5. The movie indicates that Dylan was composing his landmark "Blowin' in the Wind" during the Cuban Missile Crisis in October 1962. According to Rolling Stone, he'd published the song in the late May 1962 issue of Broadside magazine as well as the June 1962 issue of Sing Out! magazine and then recorded the tune in July 1962.
6. Dylan did not sing "The Times They Are A-Changin'" at the 1964 Newport Folk Festival, but this fib makes a great dramatic statement in the film.
7. The movie ends with the Newport Folk Festival in July 1965, but "A Complete Unknown" shows a recording session for the song "Highway 61 Revisited" prior to Newport. That recording actually took place in August 1965. As Rolling Stone pointed out, Bob Johnston produced "Highway 61 Revisited," not Tom Wilson, as represented in the film.
8. In Mangold's portrayal of the pivotal 1965 Newport Folk Festival, where Dylan famously went from acoustic folkie to electric rocker, Johnny Cash was a key figure on the scene.
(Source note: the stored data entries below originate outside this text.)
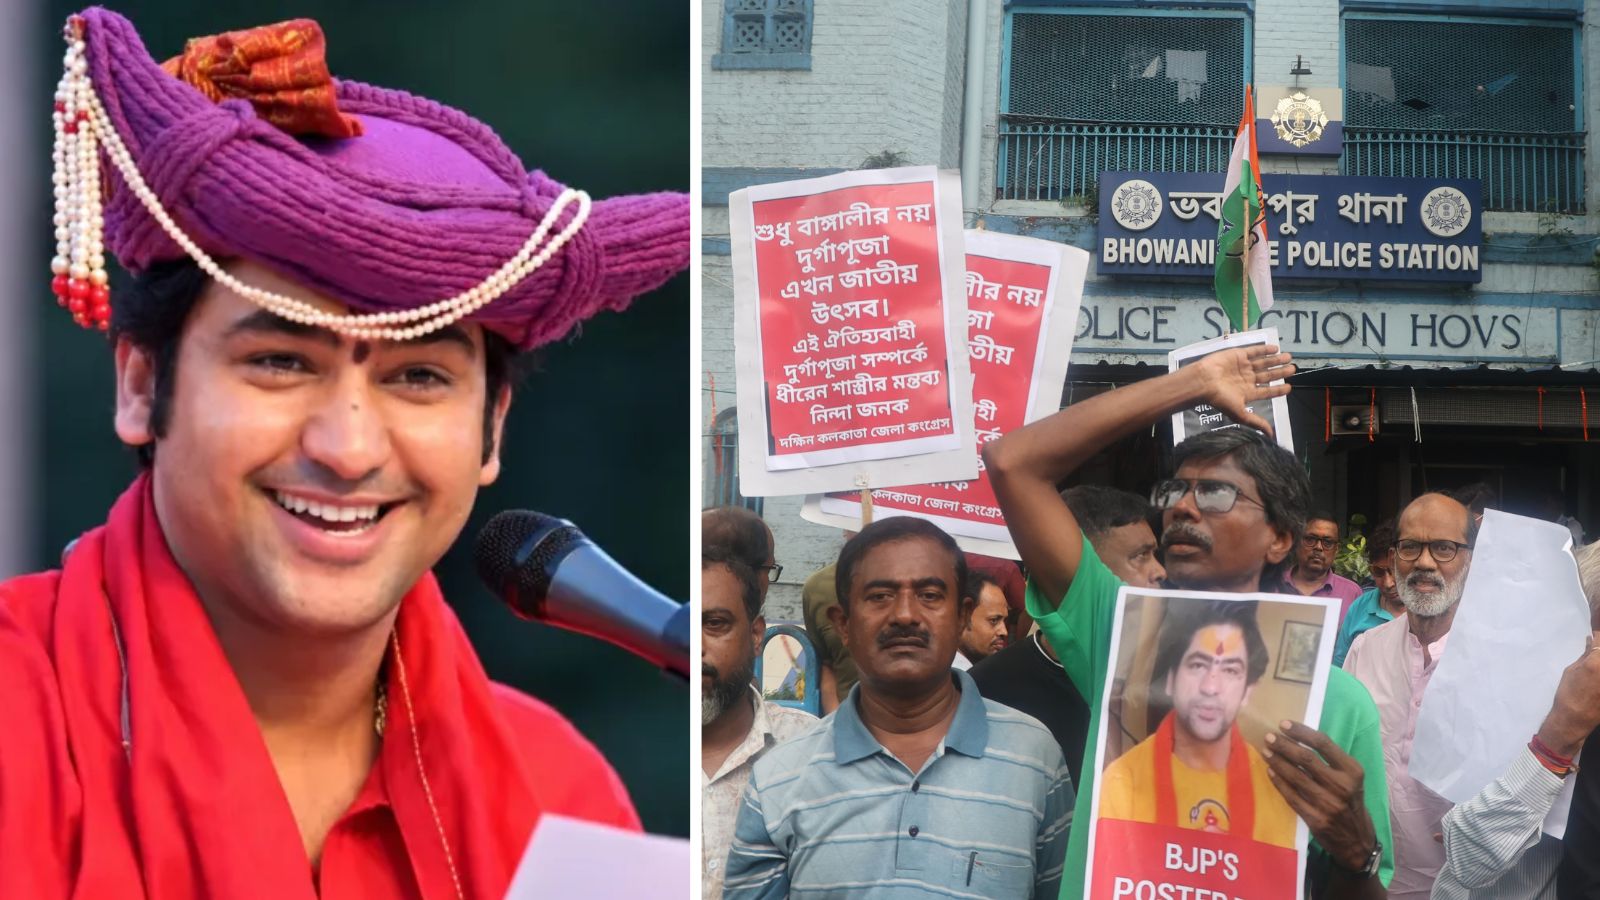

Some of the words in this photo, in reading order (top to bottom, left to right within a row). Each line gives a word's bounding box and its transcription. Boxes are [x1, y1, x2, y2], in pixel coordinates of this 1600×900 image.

[755, 222, 794, 247] শুধু
[797, 202, 890, 236] বাঙ্গালীর
[896, 203, 931, 223] নয়
[1169, 190, 1319, 235] ভবপুর
[1337, 192, 1408, 224] থানা
[796, 235, 890, 273] দুর্গাপূজা
[1103, 237, 1280, 266] BHOWANIE
[1287, 240, 1372, 268] POLICE
[1379, 242, 1479, 271] STATION
[781, 274, 834, 299] এখন
[838, 260, 918, 288] জাতীয়
[1007, 284, 1043, 307] নয়
[793, 333, 820, 353] এই
[824, 320, 916, 349] ঐতিহ্যবাহী
[1203, 306, 1386, 347] SCTION
[1410, 313, 1521, 350] HOVS
[784, 354, 856, 385] দুর্গাপূজা
[860, 342, 928, 368] সম্পর্কে
[776, 383, 828, 403] ধীরেন
[832, 372, 887, 397] শাস্ত্রীর
[892, 370, 940, 389] মন্তব্য
[810, 404, 852, 425] নিন্দা
[856, 398, 910, 417] জনক
[817, 427, 867, 444] কলকাতা
[871, 422, 905, 438] জেলা
[907, 417, 950, 433] কংগ্রেস
[924, 497, 960, 512] জেলা
[1165, 842, 1239, 881] BJP'S
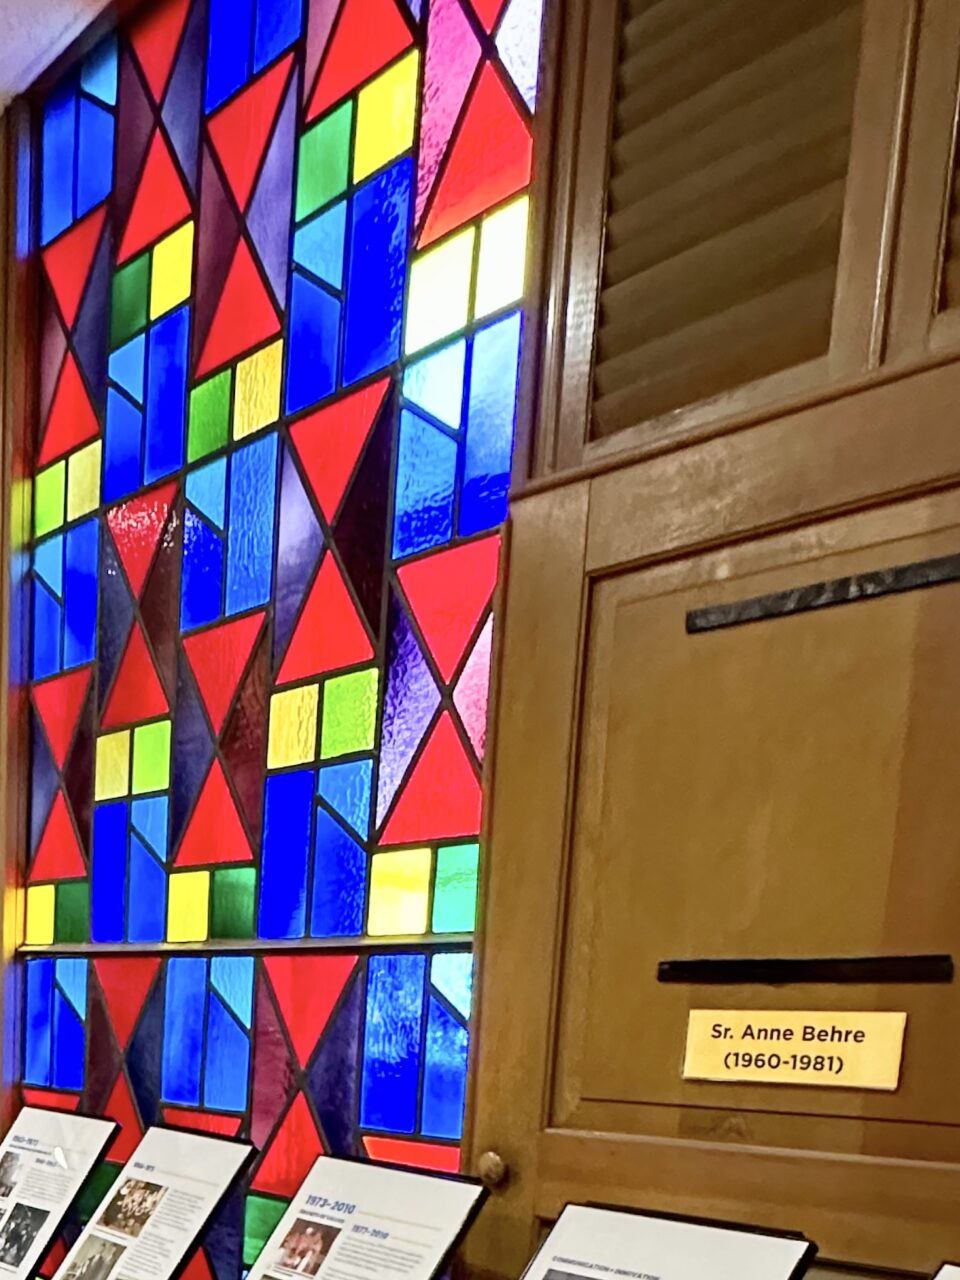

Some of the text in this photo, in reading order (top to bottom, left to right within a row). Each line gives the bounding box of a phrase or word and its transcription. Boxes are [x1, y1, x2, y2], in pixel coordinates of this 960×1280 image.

[711, 1023, 866, 1043] Sr. Anne Behre
[723, 1052, 844, 1075] (1960-1981)
[305, 1194, 357, 1215] 1973-2010
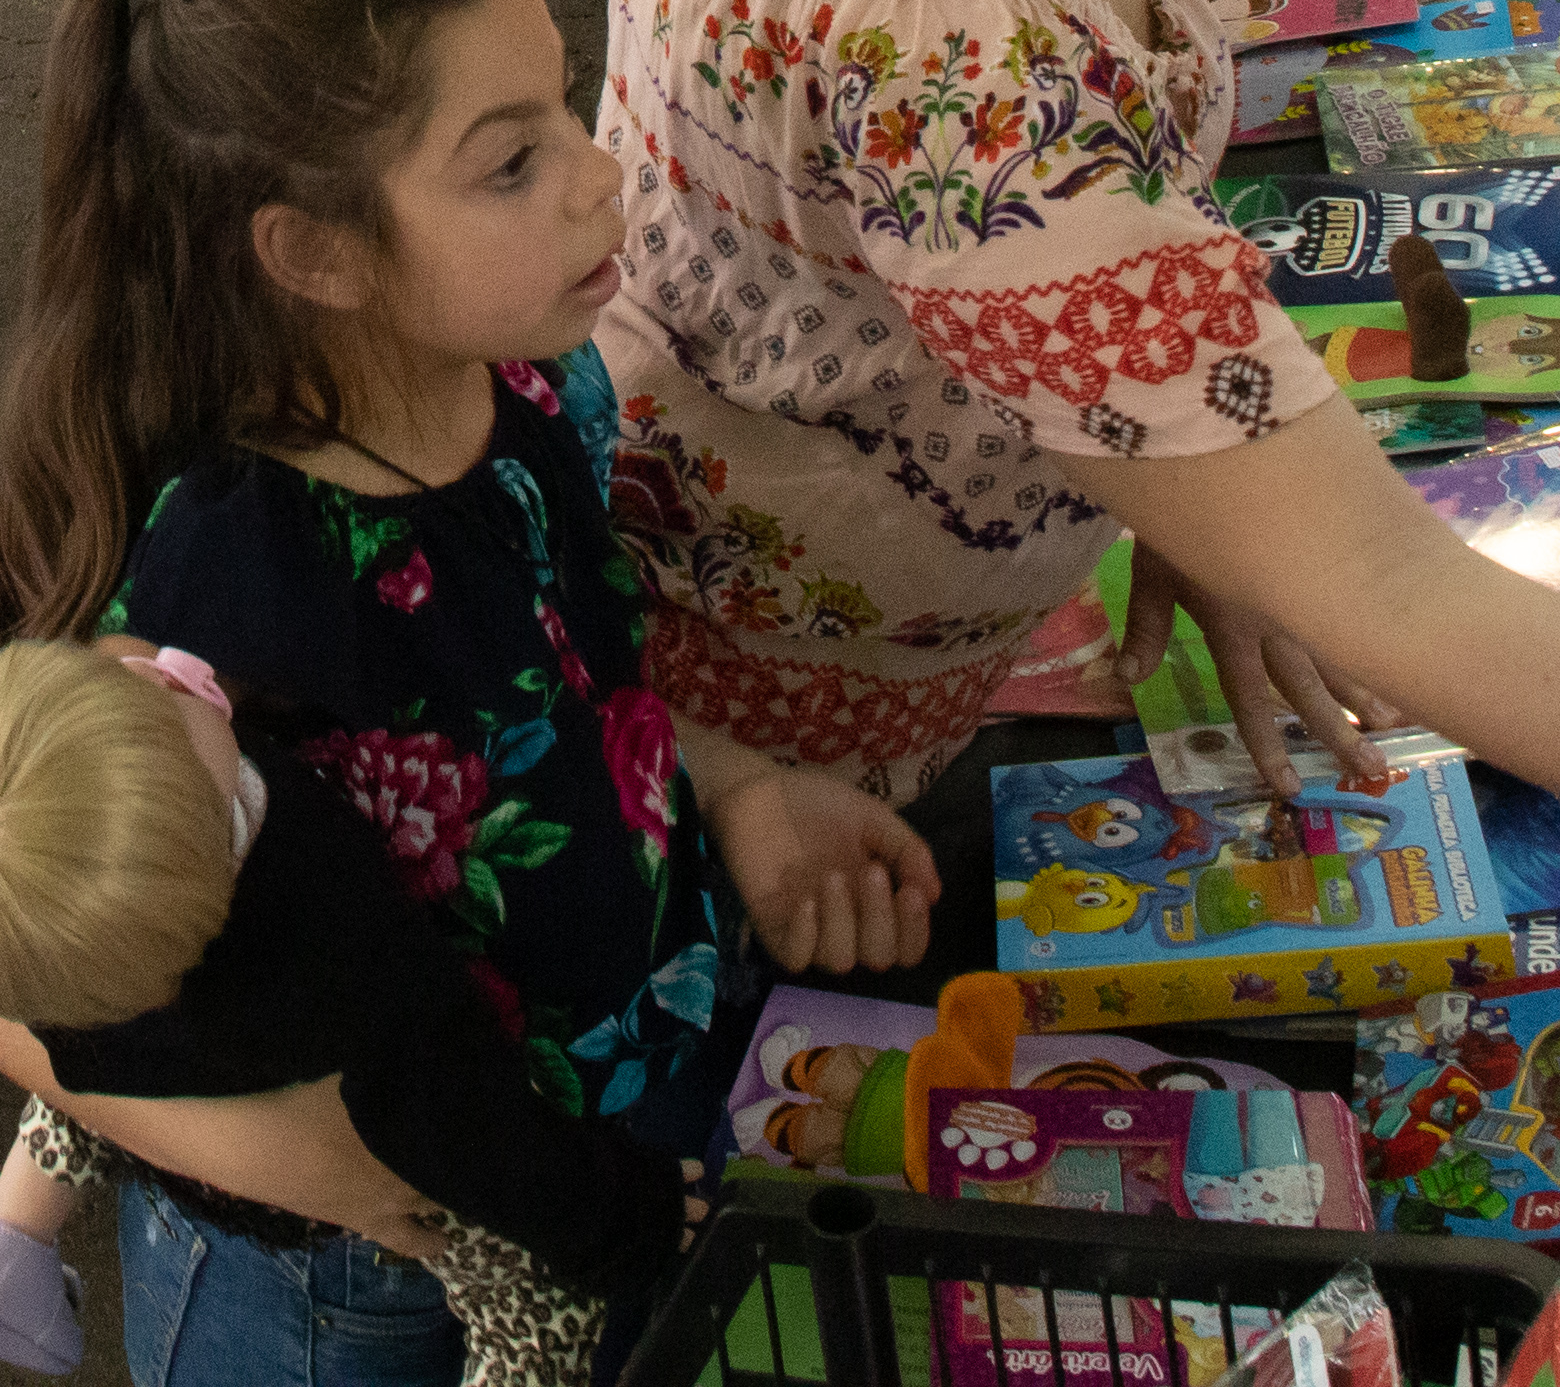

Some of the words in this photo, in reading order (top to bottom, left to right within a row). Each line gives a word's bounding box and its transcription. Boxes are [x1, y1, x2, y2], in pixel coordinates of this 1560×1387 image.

[1375, 101, 1413, 143] TIGRE
[1317, 200, 1357, 273] FUTEBOL
[1417, 192, 1496, 273] 60
[1400, 844, 1444, 926] GALINHA
[1444, 849, 1479, 923] BIBLIOTECA
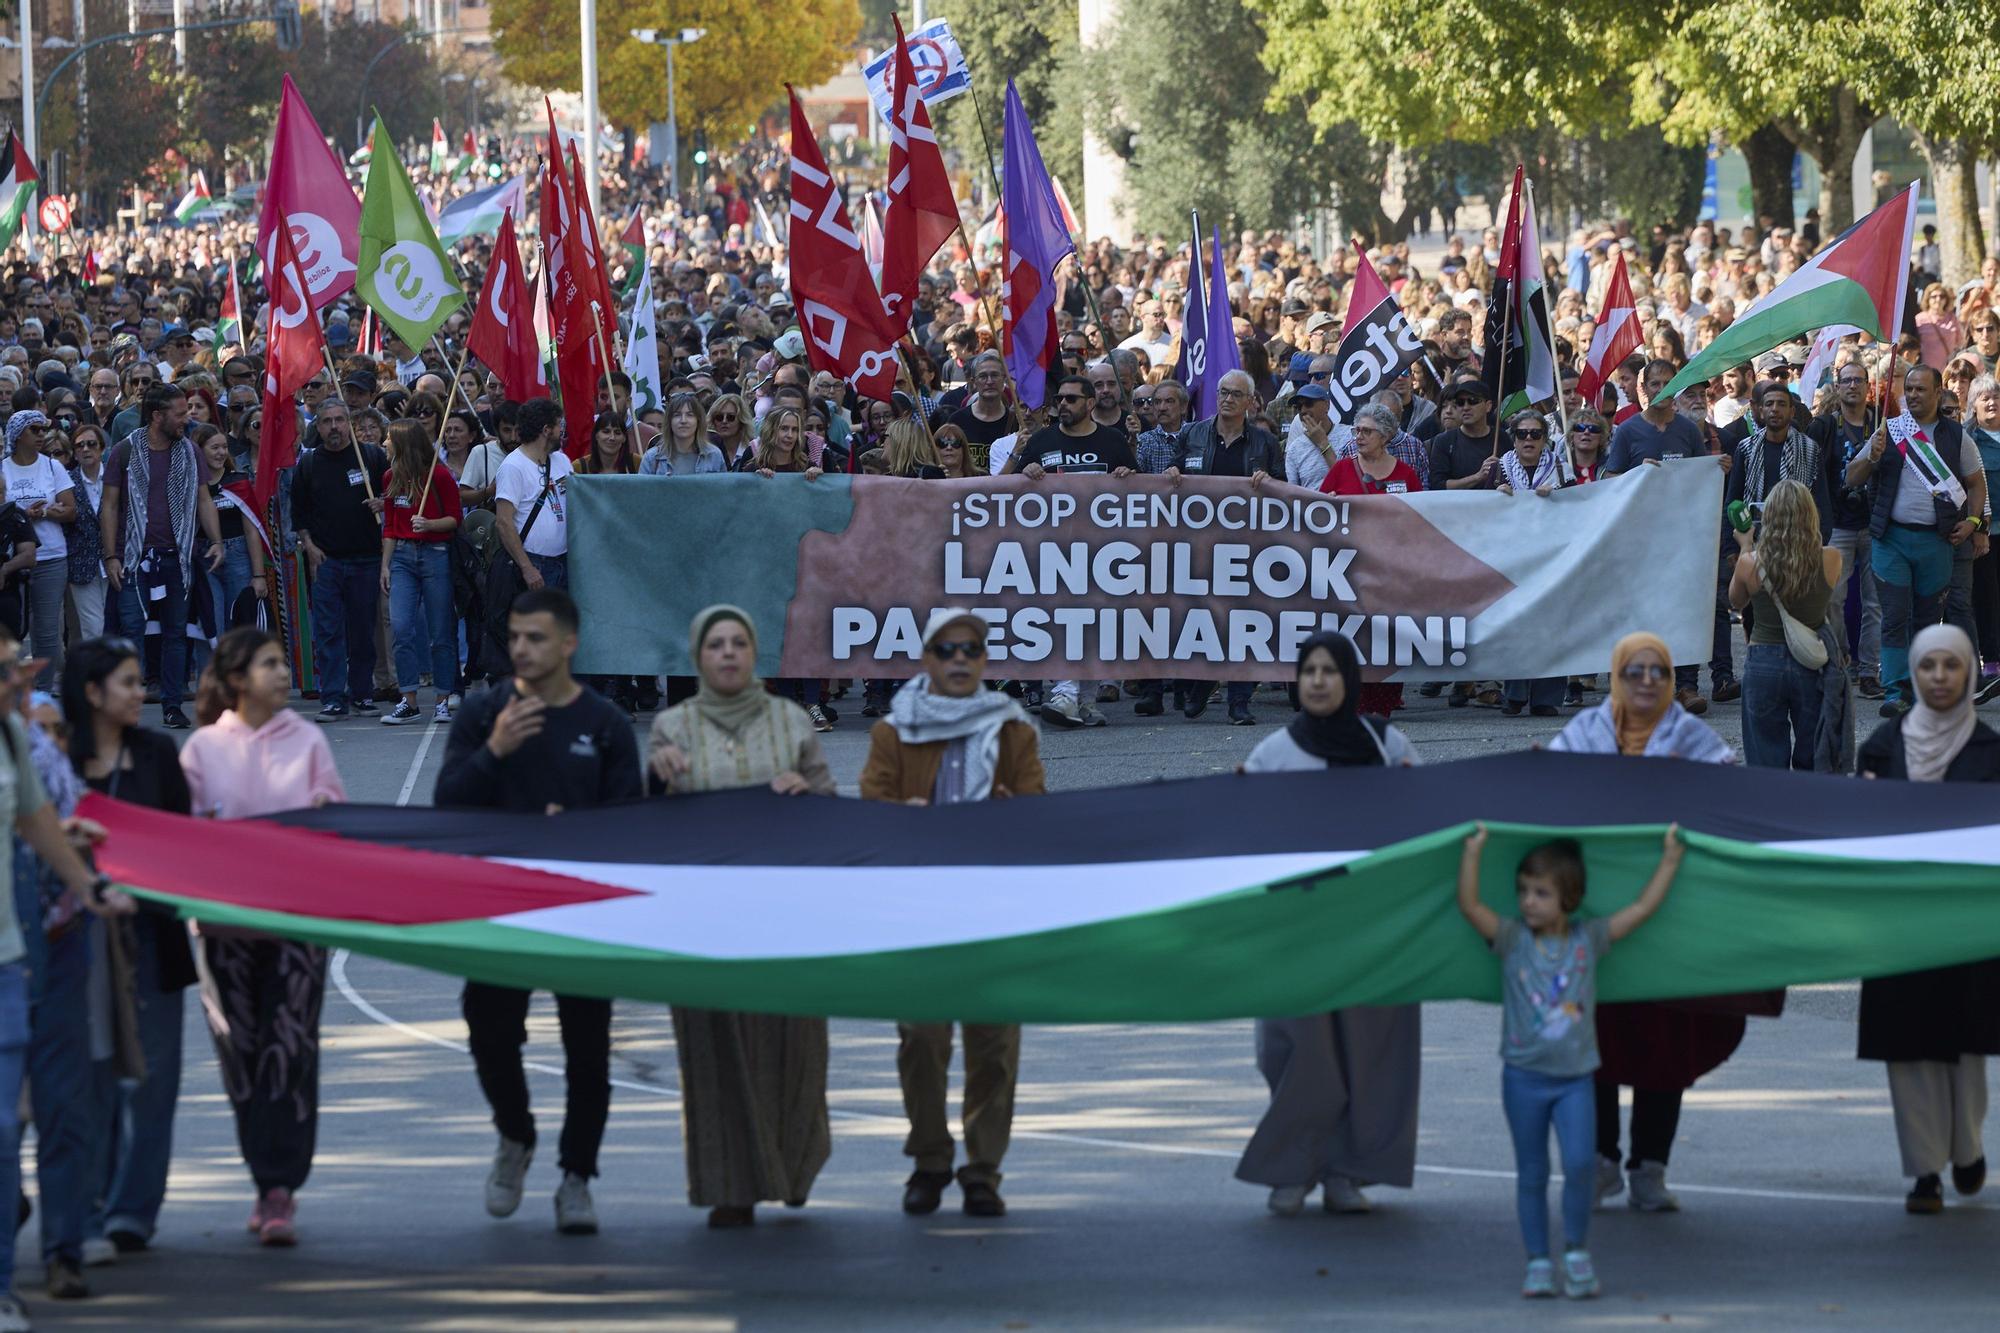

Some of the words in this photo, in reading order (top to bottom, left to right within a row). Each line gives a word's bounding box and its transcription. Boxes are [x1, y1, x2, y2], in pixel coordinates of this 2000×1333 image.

Not true. Cash wasn't at Newport that year.
9. "Judas!" shouts an angry fan during Dylan's '65 Newport performance in "A Complete Unknown." Didn't happen. That infamous incident took place May 17, 1966, at a concert in Manchester, England.
10. Actor Timothée Chalamet impressively adopted Dylan's posture, mannerisms, affectations, attitude, as well as an approximation of his speaking and singing voice, and even his long fingernails for guitar picking. But Dylan has blue eyes, not those chocolate Willy Wonka orbs of Chalamet. Contacts, please.